In case of allele specific analysis, an additional statistics file ‘assplit.stat’ is available with the fraction of read pairs assigned to the parental genomes. Note that allele specific assignment is also available from the ‘.RSstat’ files. Statistics from the ‘assplit.stat’ are usually different from the ones in the ‘.RSstat’ as they are calculated on the valid pairs after duplicates removal, whereas statistics on the ‘.RSstat’ files are calculated for each read chunck before duplicates removal.

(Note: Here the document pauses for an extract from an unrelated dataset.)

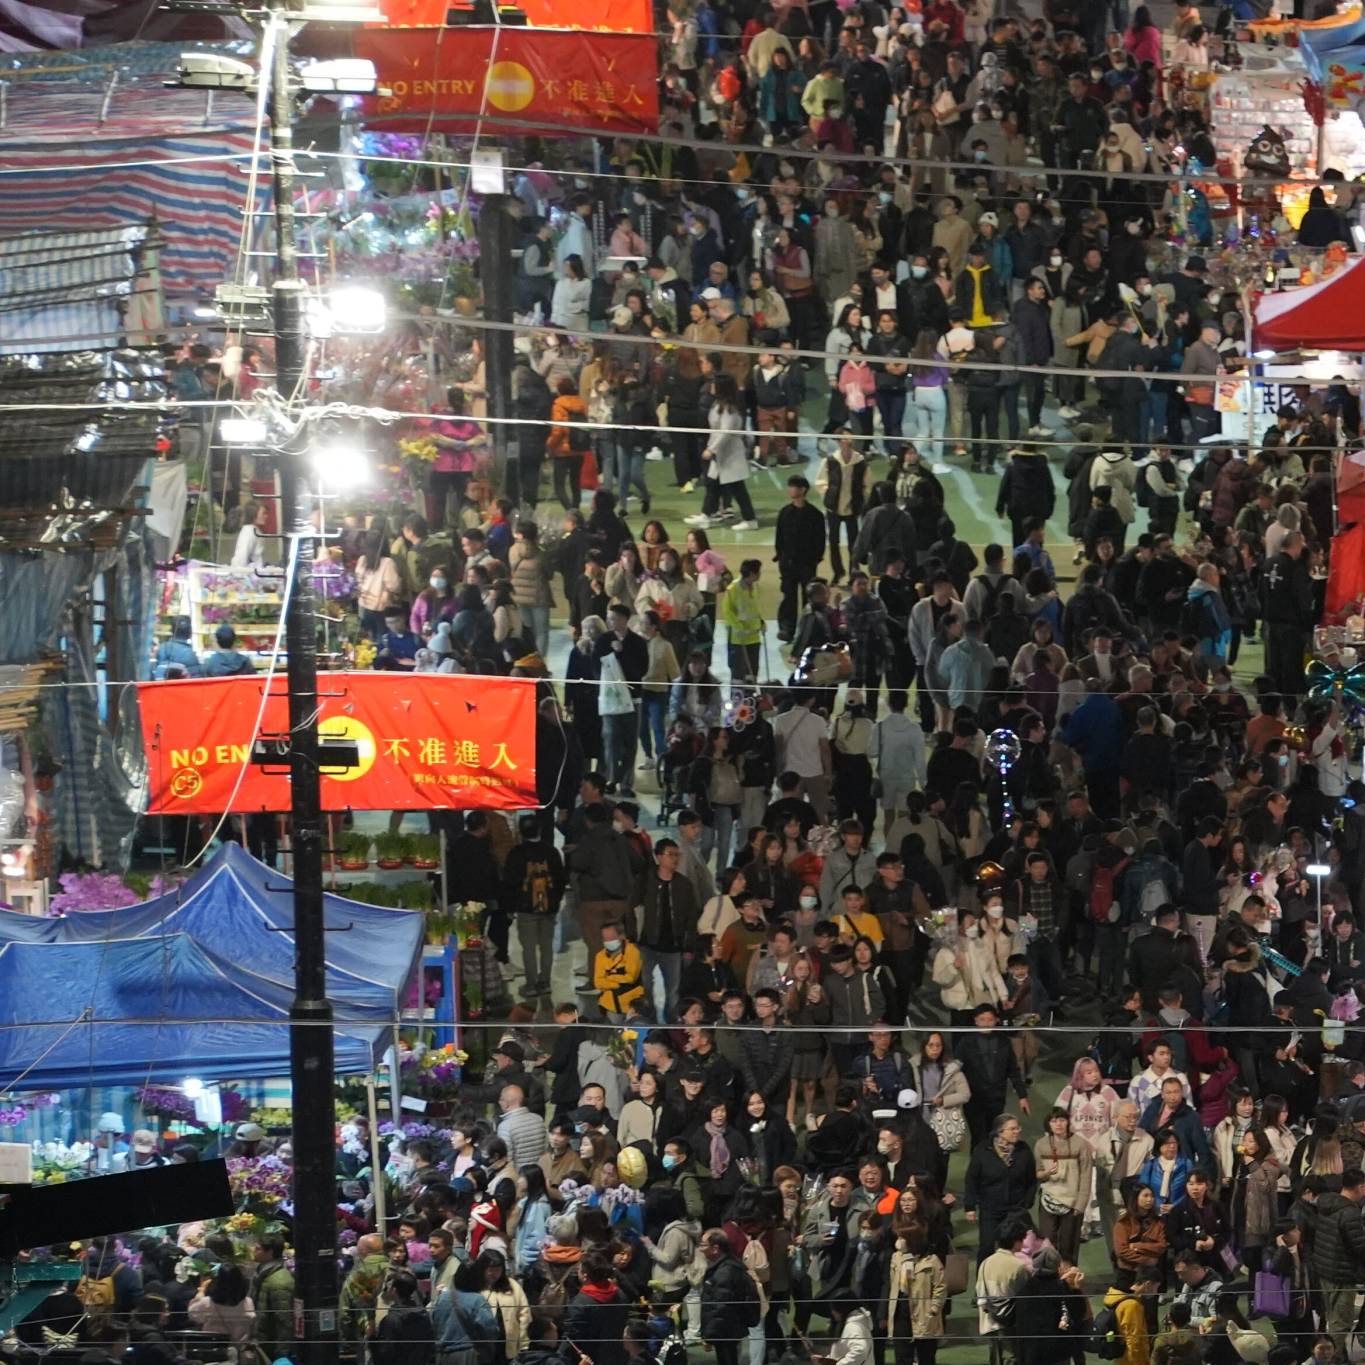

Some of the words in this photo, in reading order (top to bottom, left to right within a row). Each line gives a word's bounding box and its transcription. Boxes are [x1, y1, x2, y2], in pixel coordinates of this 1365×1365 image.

[413, 79, 475, 96] ENTRY
[170, 746, 209, 768] NO
[383, 736, 519, 770] 不准進入
[174, 777, 199, 791] C5

Intra and inter-chromosomal contact maps¶

Additional quality controls such as fragment size distribution can be extracted from the list of valid interaction products. We usually expect to see a distribution centered around 300 pb which correspond to the paired-end insert size commonly used.
The fraction of dplicates is also presented. A high level of duplication indicates a poor molecular complexity and a potential PCR bias.
Finally, an important metric is to look at the fraction of intra and inter-chromosomal interactions, as well as long range (>20kb) versus short range (<20kb) intra-chromosomal interactions.

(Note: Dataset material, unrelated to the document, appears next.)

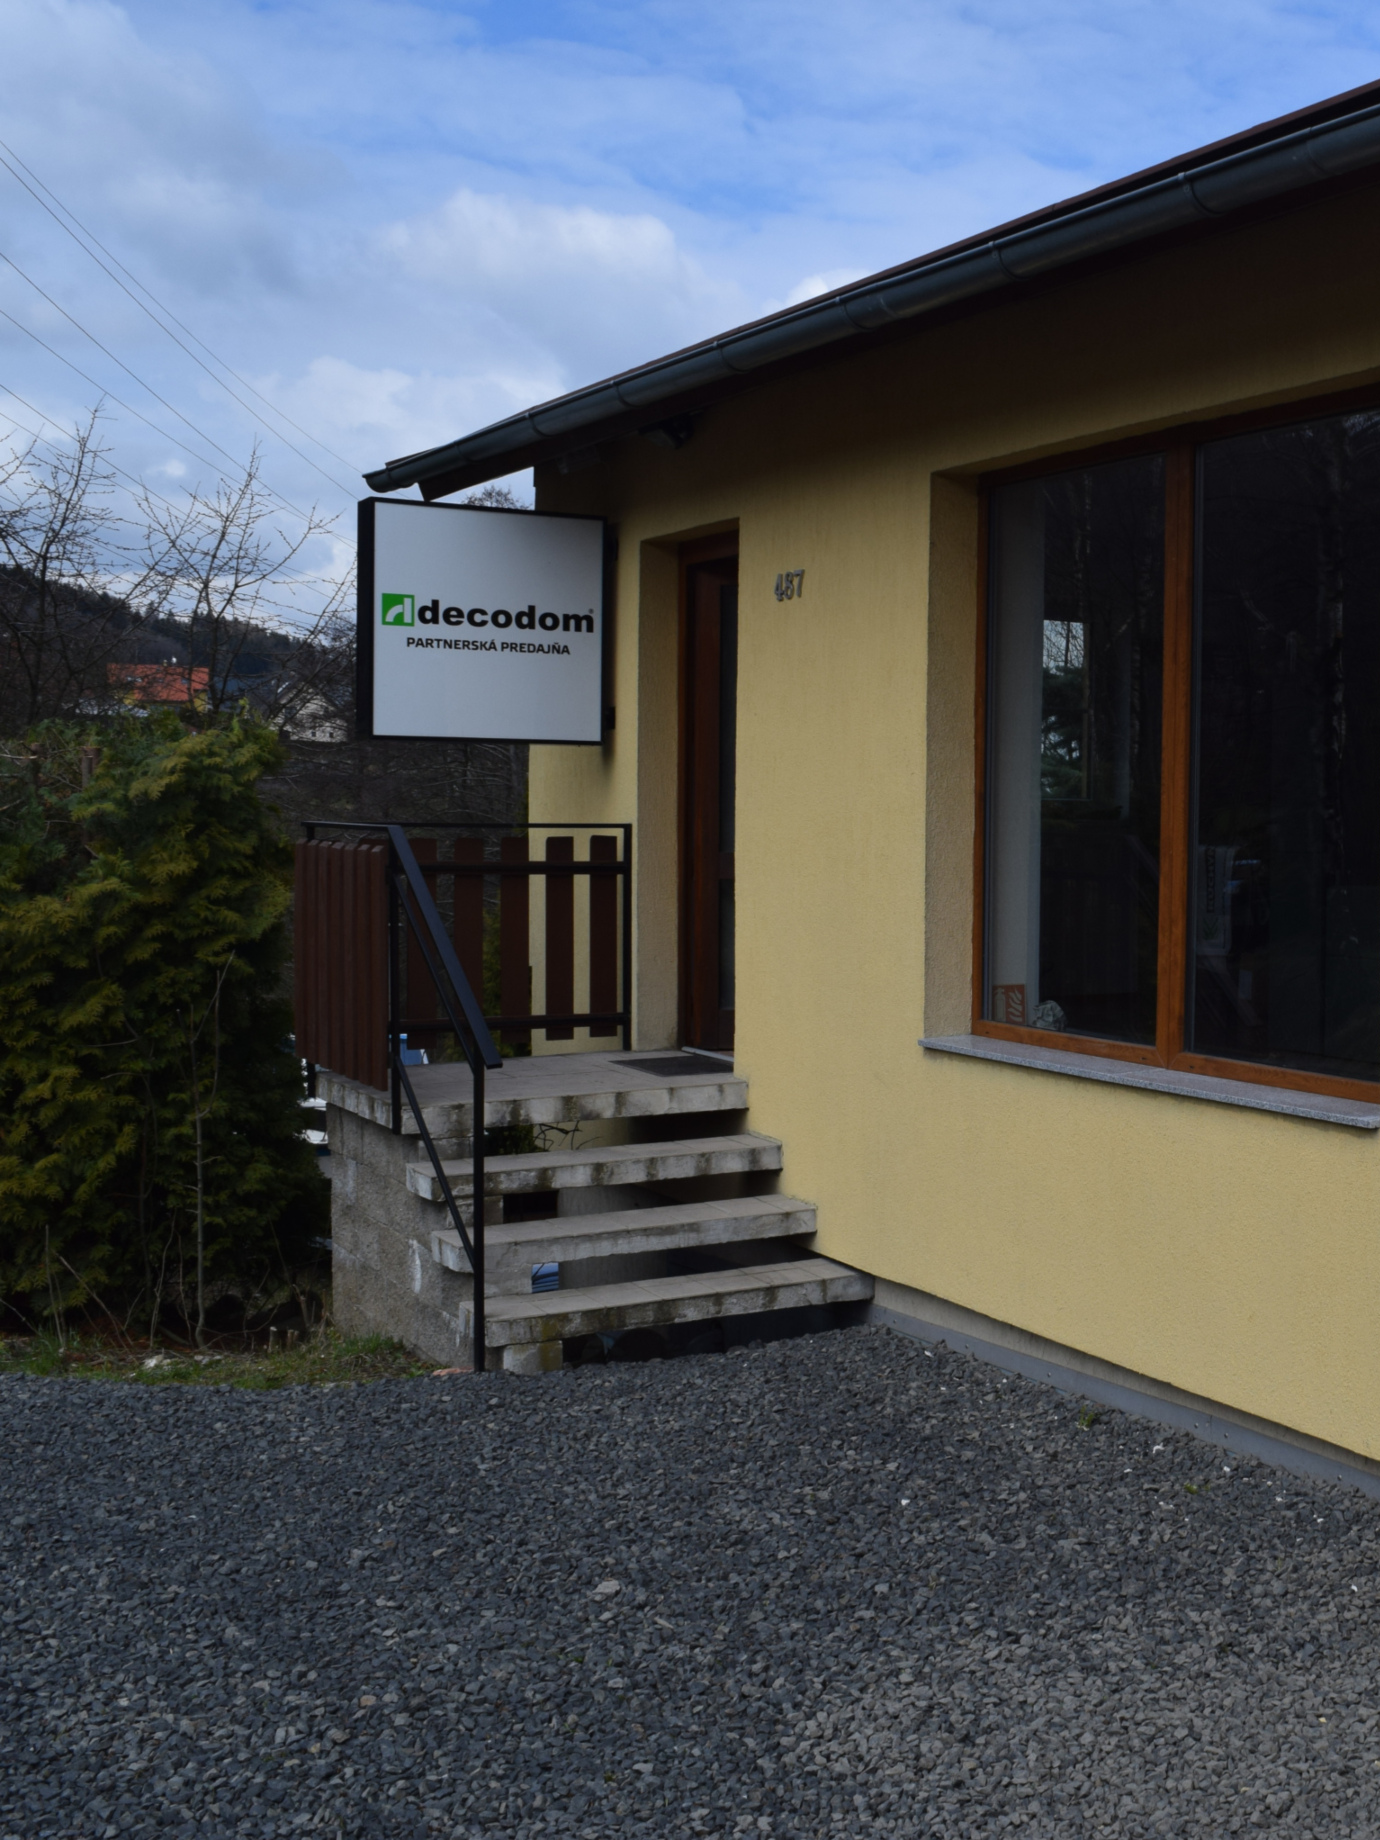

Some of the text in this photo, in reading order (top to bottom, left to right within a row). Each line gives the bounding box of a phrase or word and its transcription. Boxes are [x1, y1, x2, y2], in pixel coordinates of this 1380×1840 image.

_images/hicpro_contactstat_IMR90rep1.png

The contact maps are then available in the hic_results/matrix folder. Raw contact maps are in the raw folder and normalized contact maps in the iced folder.
The contact maps are generated for all specified resolution (see cnfiguration file)
A contact map is defined by :

A list of genomic intervals related to the specified resolution (BED format).
A matrix, stored as standard triplet sparse format (i.e. list format). Based on the observation that a contact map is symmetric and usually sparse, only non-zero values are stored for half of the matrix. The user can specified if the ‘upper’, ‘lower’ or ‘complete’ matrix has to be stored. The ‘asis’ option allows to store the contacts as they are observed from the valid pairs files.

A   B   10
A   C   23
B   C   24
(...)

This format is memory efficient, and is compatible with other analysis softwares such as the HiTC Bioconductor package or the HiCPlotter software.